Disons-le clairement : la désirabilité du travail est un moyen pour mieux financer notre système de retraites par répartition. Combiné à une politique économique volontariste axée sur la nécessaire transition écologique de notre économie, le travail plus épanouissant, offert notamment par les structures de l’ESS, peut en effet permettre de faire travailler davantage de personnes dans un environnement professionnel stabilisé, avec moins de ruptures dans les carrières, et donc d’augmenter le volume de cotisations retraites.

Au plan politique, cela implique donc pour la gauche écologiste de renouer avec son discours historique de valorisation du travail comme moyen d’émancipation. C’est en gagnant la bataille culturelle sur la question de la « valeur travail » qu’elle peut espérer reconquérir les classes populaires et intermédiaires, pour lesquelles le travail est souvent l’unique source de revenus.

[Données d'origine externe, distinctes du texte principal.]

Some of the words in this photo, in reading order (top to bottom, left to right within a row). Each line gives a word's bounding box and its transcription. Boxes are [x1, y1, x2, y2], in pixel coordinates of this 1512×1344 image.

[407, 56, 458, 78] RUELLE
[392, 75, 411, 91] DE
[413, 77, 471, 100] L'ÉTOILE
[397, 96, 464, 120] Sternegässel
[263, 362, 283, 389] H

Protester contre la réforme injuste du gouvernement est indispensable, en particulier contre la mesure de décalage de l’âge de départ à 64 ans, mais il est aussi nécessaire de définir concrètement les contours d’un nouveau monde du travail, plus humain et solidaire, et du nouveau système de retraites qui en découle. En la matière, on ne peut que regretter l’abandon de toute réelle réflexion sur un système de retraite universel, avec les mêmes règles pour tous les métiers, y compris pour les critères de pénibilité, avec des déclinaisons opérationnelles par branches. Un tel système faciliterait non seulement la compréhension du système par le plus grand nombre, principe démocratique essentiel, mais aussi ne pénaliserait pas les changements de statuts professionnels au cours d’une carrière, dans une époque où beaucoup d’actifs aspirent à la fois à de la liberté dans leurs parcours, tout en étant sécurisés dans leurs droits sociaux.

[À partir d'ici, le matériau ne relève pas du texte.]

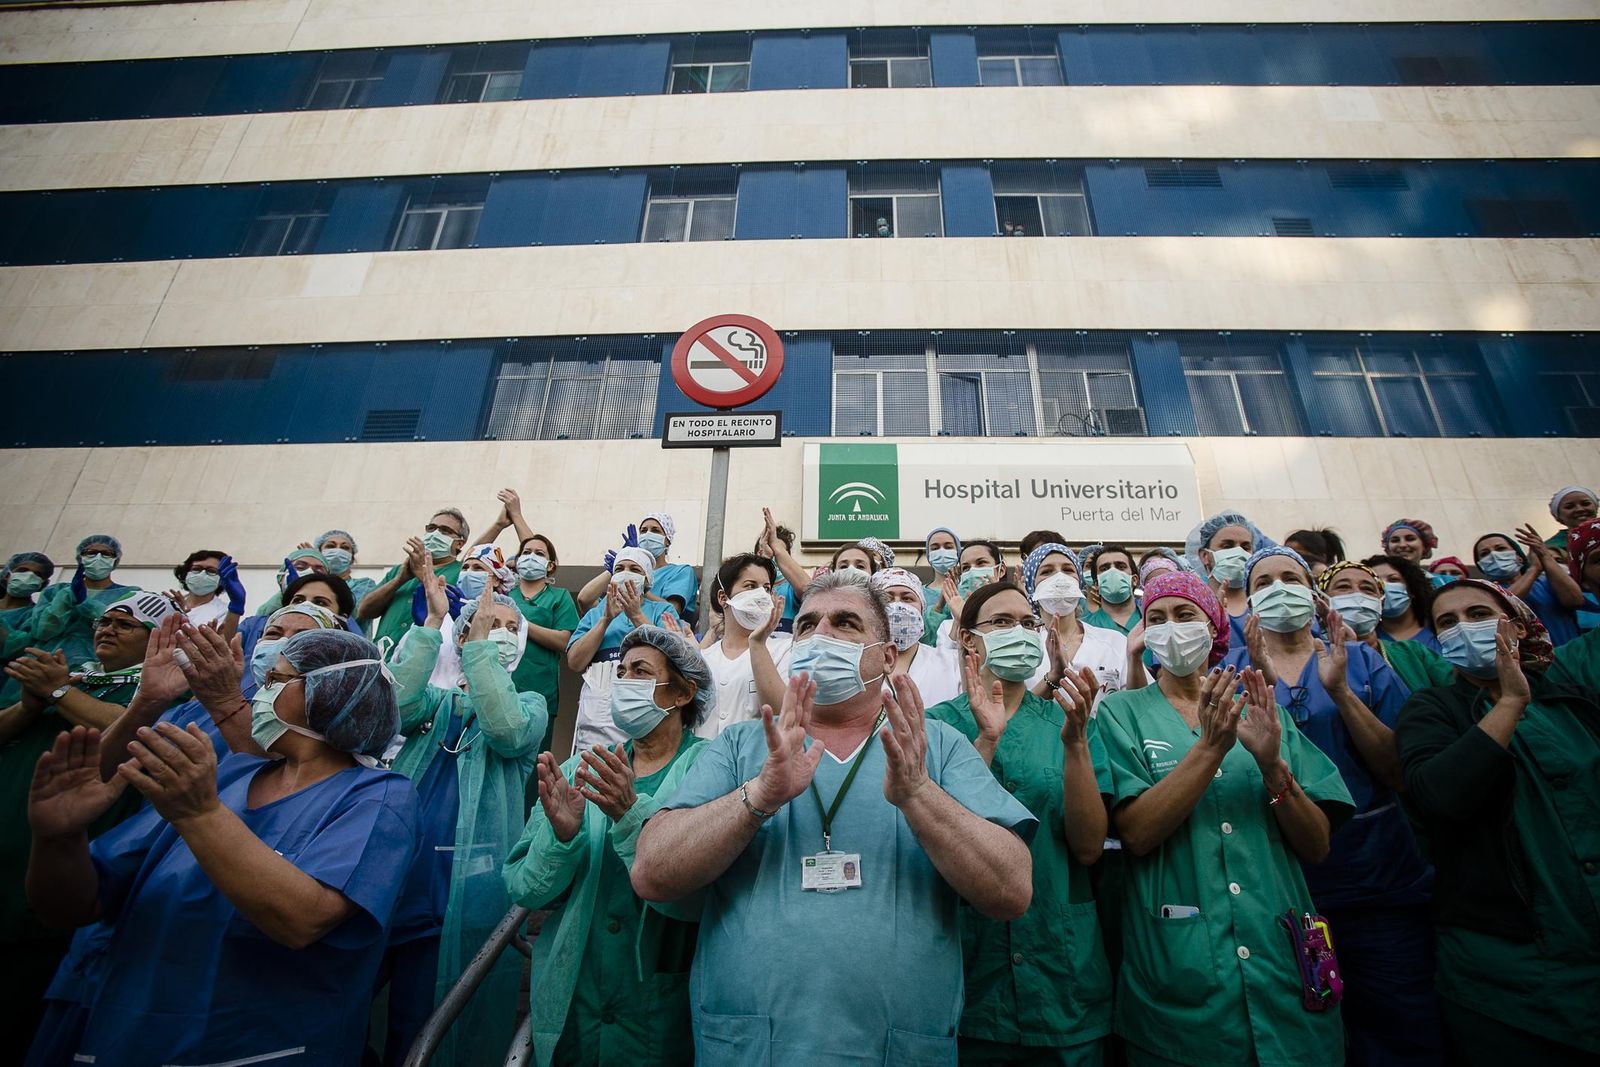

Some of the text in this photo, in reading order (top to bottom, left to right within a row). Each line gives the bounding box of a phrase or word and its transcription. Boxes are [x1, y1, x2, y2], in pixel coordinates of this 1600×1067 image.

[672, 420, 685, 428] EN
[731, 418, 772, 426] RECINTO
[687, 428, 756, 437] HOSPITALARIO
[924, 479, 1178, 504] Hospital Universitario
[1061, 506, 1181, 521] Puerta del Mar

« Il est revenu un espoir, un goût du travail, un goût de la vie ». C’est par ces mots que lors de ses voeux aux Françaises et Français à la radio, le 31 décembre 1936, Léon Blum tira un premier bilan de l’action du Front Populaire, qui fut porteuse de tant de conquêtes sociales. C’est maintenant au tour de la gauche écologiste du 21e siècle de se réapproprier la valeur travail selon ses termes. Un travail synonyme d’épanouissement, de cohésion sociale, et de protection de notre planète.